→ Work to be completed: Leave out the pictures and print the rest of the entries exactly as they stand.

→ Extracted entries:
-*-*-

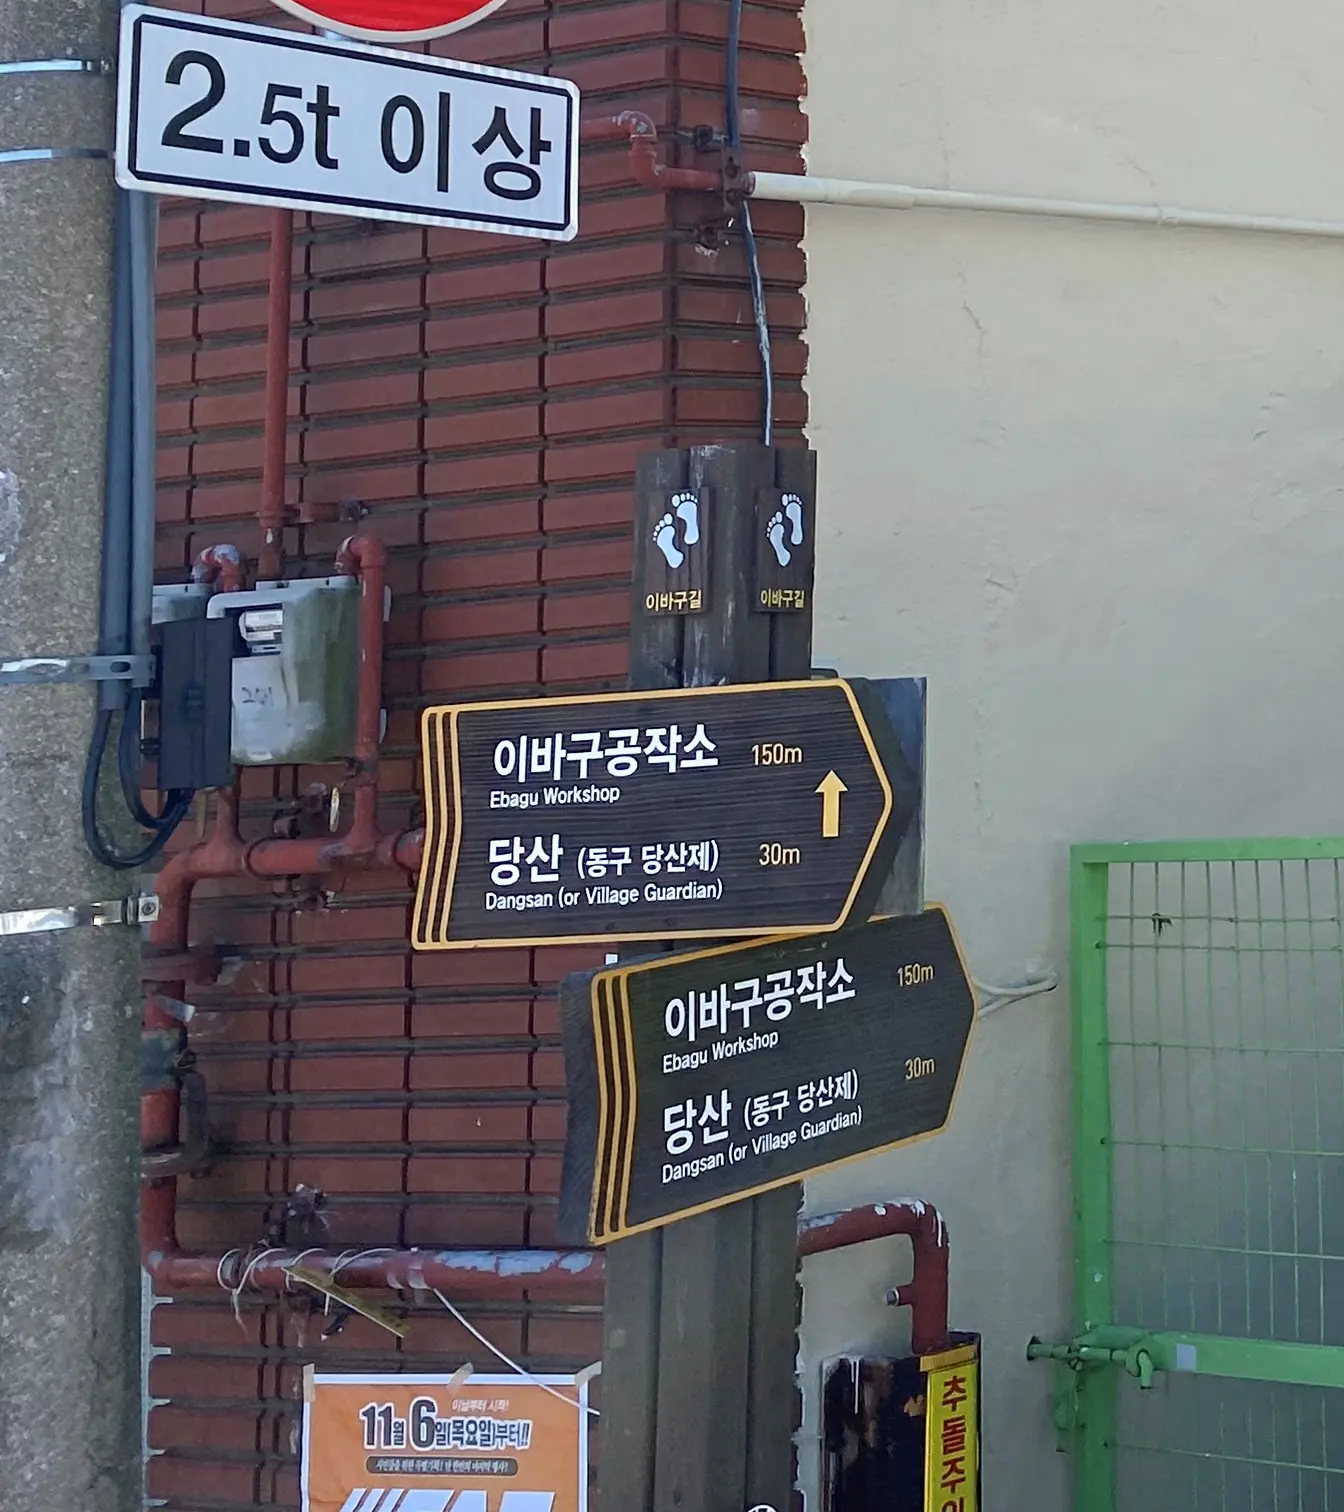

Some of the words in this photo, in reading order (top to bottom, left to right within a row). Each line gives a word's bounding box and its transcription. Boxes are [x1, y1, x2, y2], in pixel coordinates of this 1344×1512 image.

[160, 49, 341, 170] 2.5t
[379, 90, 552, 201] 이상
[645, 589, 703, 612] 이바구길
[760, 588, 805, 608] 이바구길
[493, 723, 719, 783] 이바구공작소
[750, 742, 803, 767] 150m
[488, 788, 539, 810] Ebagu
[543, 783, 621, 806] Workshop
[487, 833, 564, 887] 당산
[576, 846, 633, 880] (동구
[640, 839, 720, 876] 당산제)
[758, 842, 801, 867] 30m
[485, 890, 554, 912] Dangsan
[557, 885, 582, 909] (or
[585, 883, 640, 906] Village
[643, 877, 723, 902] Guardian)
[664, 957, 857, 1042] 이바구공작소
[896, 962, 935, 988] 150m
[662, 1050, 709, 1075] Ebagu
[711, 1029, 780, 1062] Workshop
[663, 1088, 733, 1156] 당산
[743, 1089, 790, 1131] (동구
[796, 1068, 860, 1114] 당산제)
[904, 1056, 936, 1082] 30m
[661, 1151, 725, 1185] Dangsan
[728, 1142, 748, 1166] (or
[751, 1128, 798, 1156] Village
[800, 1103, 863, 1141] Guardian)
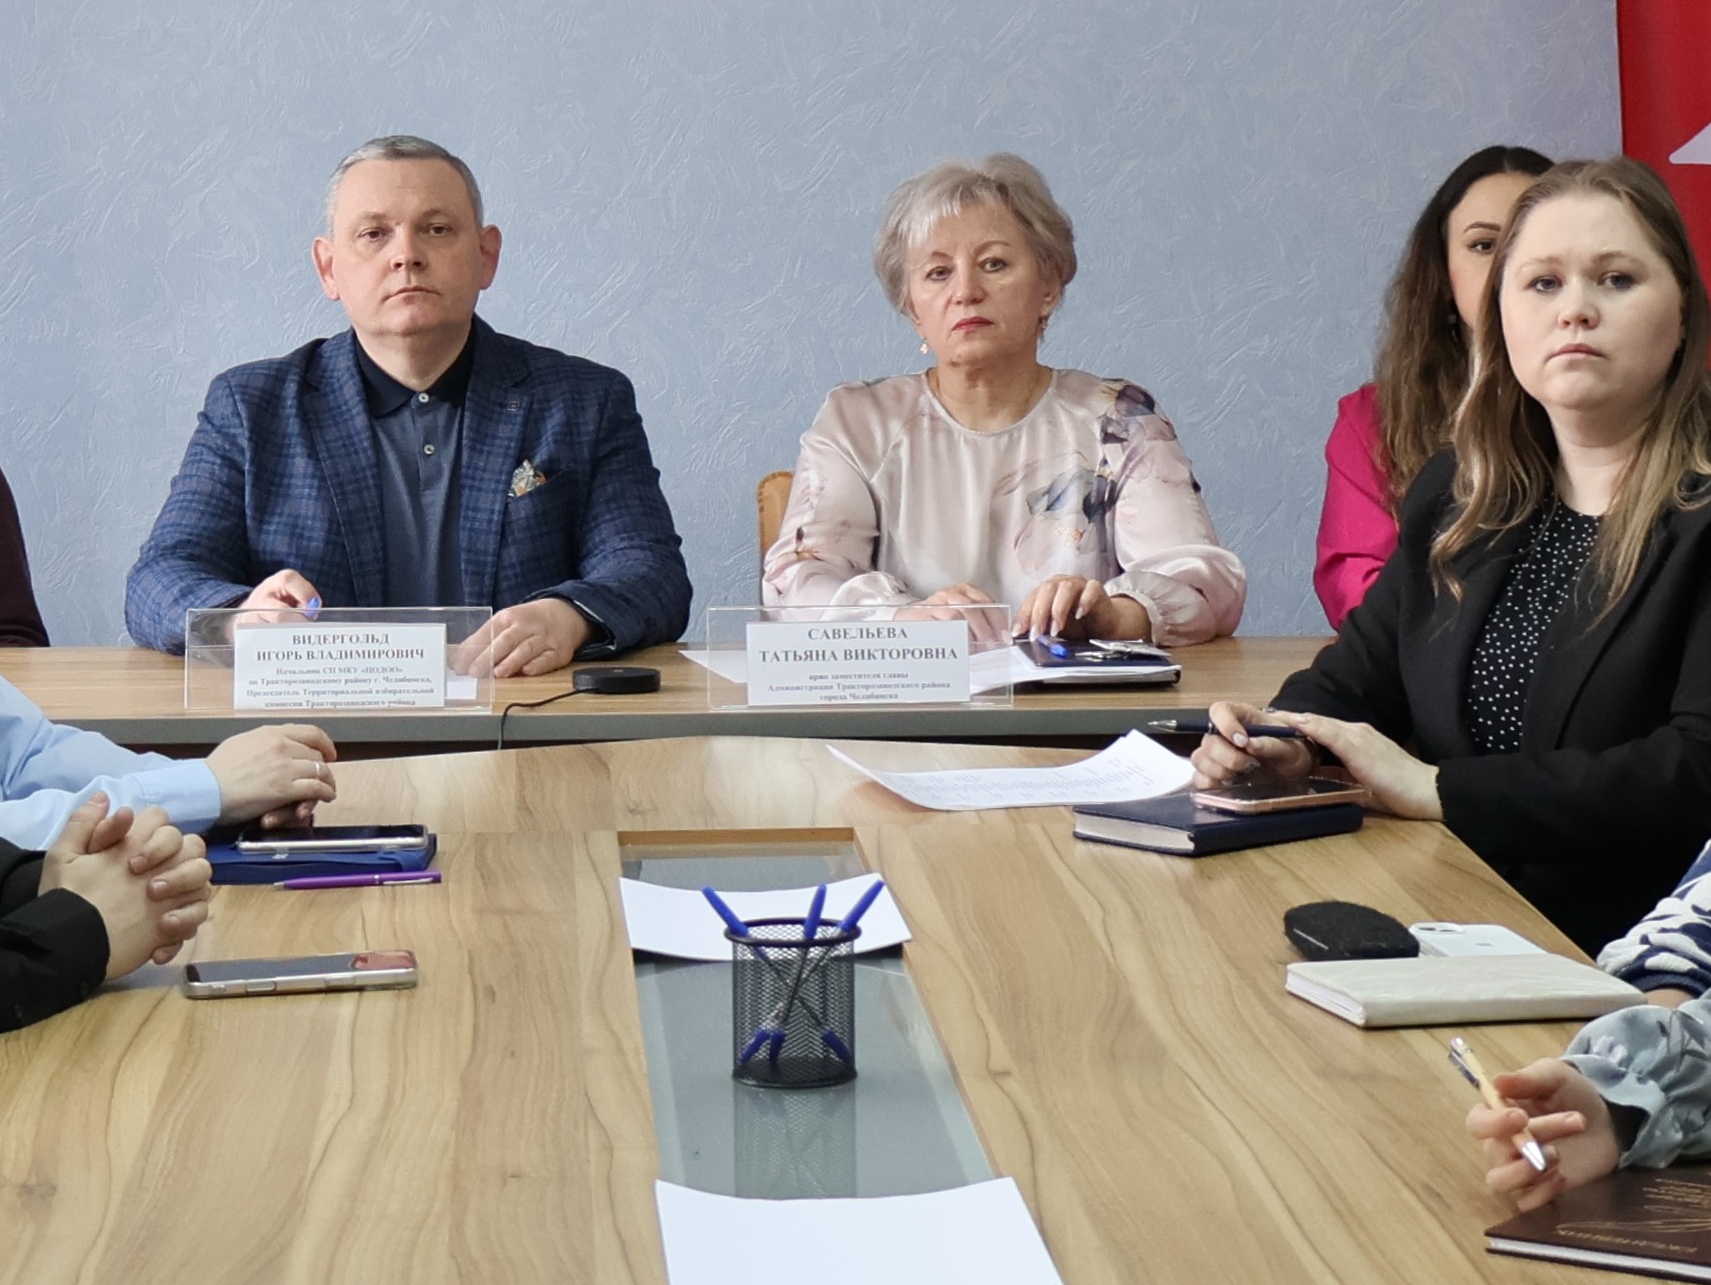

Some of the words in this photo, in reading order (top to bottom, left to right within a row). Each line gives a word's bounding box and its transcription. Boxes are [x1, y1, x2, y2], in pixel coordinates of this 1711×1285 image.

[292, 633, 390, 647] ВИДЕРГОЛЬД
[807, 627, 909, 640] САВЕЛЬЕВА
[256, 650, 302, 662] ИГОРЬ
[306, 648, 425, 661] ВЛАДИМИРОВИЧ
[758, 649, 838, 662] ТАТЬЯНА
[843, 647, 958, 661] ВИКТОРОВНА
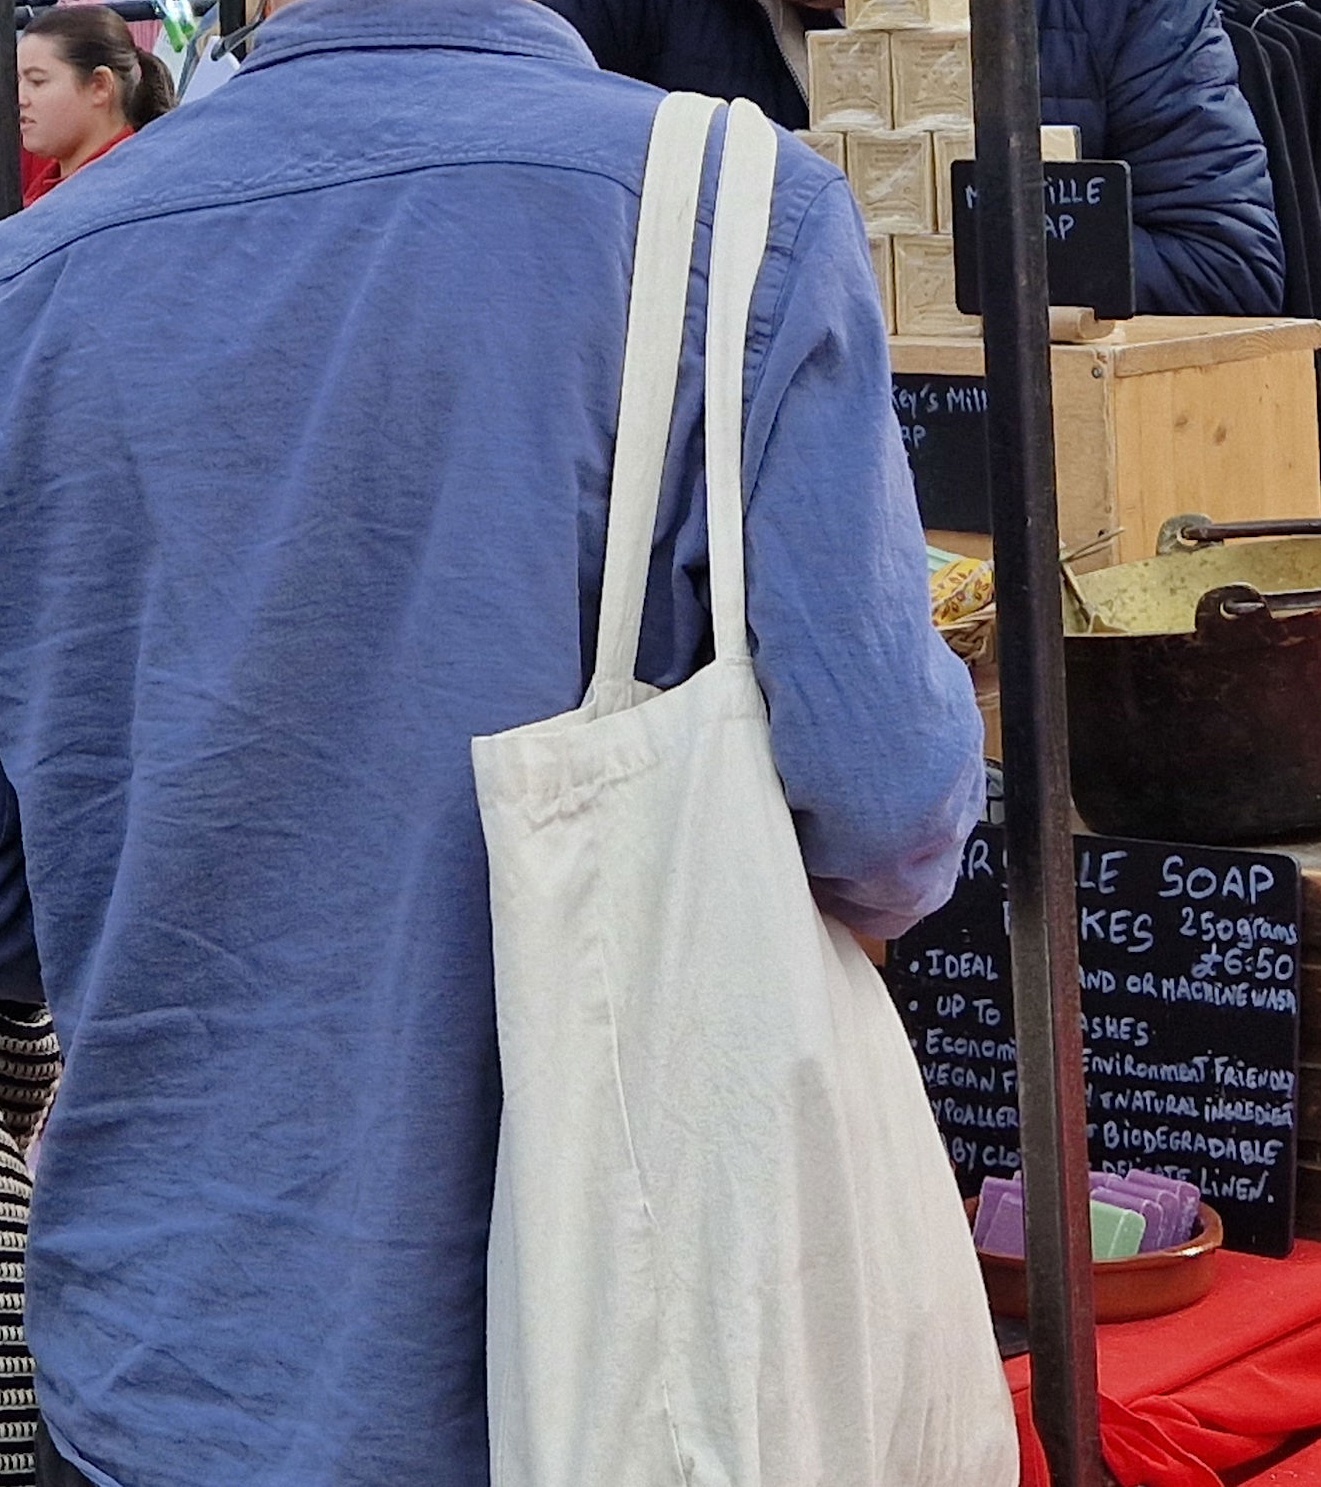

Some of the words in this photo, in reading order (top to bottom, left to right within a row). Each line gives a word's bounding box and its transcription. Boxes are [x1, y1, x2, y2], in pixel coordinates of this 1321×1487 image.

[1158, 855, 1274, 905] SOAP
[926, 949, 998, 981] IDEAL
[1078, 965, 1116, 993] AND
[1127, 972, 1158, 998] OR
[937, 993, 965, 1018] UP
[973, 998, 1001, 1026] TO
[1079, 1012, 1149, 1047] ASHES
[922, 1062, 995, 1092] VEGAN

-*-*-

→ Solution to the problem:
Some of the words in this photo, in reading order (top to bottom, left to right within a row). Each line gives a word's bounding box and its transcription. Boxes are [x1, y1, x2, y2], in pixel coordinates of this 1344×1512 image.

[160, 49, 341, 170] 2.5t
[379, 90, 552, 201] 이상
[645, 589, 703, 612] 이바구길
[760, 588, 805, 608] 이바구길
[493, 723, 719, 783] 이바구공작소
[750, 742, 803, 767] 150m
[488, 788, 539, 810] Ebagu
[543, 783, 621, 806] Workshop
[487, 833, 564, 887] 당산
[576, 846, 633, 880] (동구
[640, 839, 720, 876] 당산제)
[758, 842, 801, 867] 30m
[485, 890, 554, 912] Dangsan
[557, 885, 582, 909] (or
[585, 883, 640, 906] Village
[643, 877, 723, 902] Guardian)
[664, 957, 857, 1042] 이바구공작소
[896, 962, 935, 988] 150m
[662, 1050, 709, 1075] Ebagu
[711, 1029, 780, 1062] Workshop
[663, 1088, 733, 1156] 당산
[743, 1089, 790, 1131] (동구
[796, 1068, 860, 1114] 당산제)
[904, 1056, 936, 1082] 30m
[661, 1151, 725, 1185] Dangsan
[728, 1142, 748, 1166] (or
[751, 1128, 798, 1156] Village
[800, 1103, 863, 1141] Guardian)

Some of the words in this photo, in reading order (top to bottom, left to right within a row). Each line gives a word's bounding box and its transcription. Boxes are [x1, y1, x2, y2], in pixel coordinates of this 1711×1285 image.

[292, 633, 390, 647] ВИДЕРГОЛЬД
[807, 627, 909, 640] САВЕЛЬЕВА
[256, 650, 302, 662] ИГОРЬ
[306, 648, 425, 661] ВЛАДИМИРОВИЧ
[758, 649, 838, 662] ТАТЬЯНА
[843, 647, 958, 661] ВИКТОРОВНА

Some of the words in this photo, in reading order (top to bottom, left to right within a row). Each line gives a word's bounding box and its transcription. Boxes are [x1, y1, x2, y2], in pixel coordinates of this 1321×1487 image.

[1158, 855, 1274, 905] SOAP
[926, 949, 998, 981] IDEAL
[1078, 965, 1116, 993] AND
[1127, 972, 1158, 998] OR
[937, 993, 965, 1018] UP
[973, 998, 1001, 1026] TO
[1079, 1012, 1149, 1047] ASHES
[922, 1062, 995, 1092] VEGAN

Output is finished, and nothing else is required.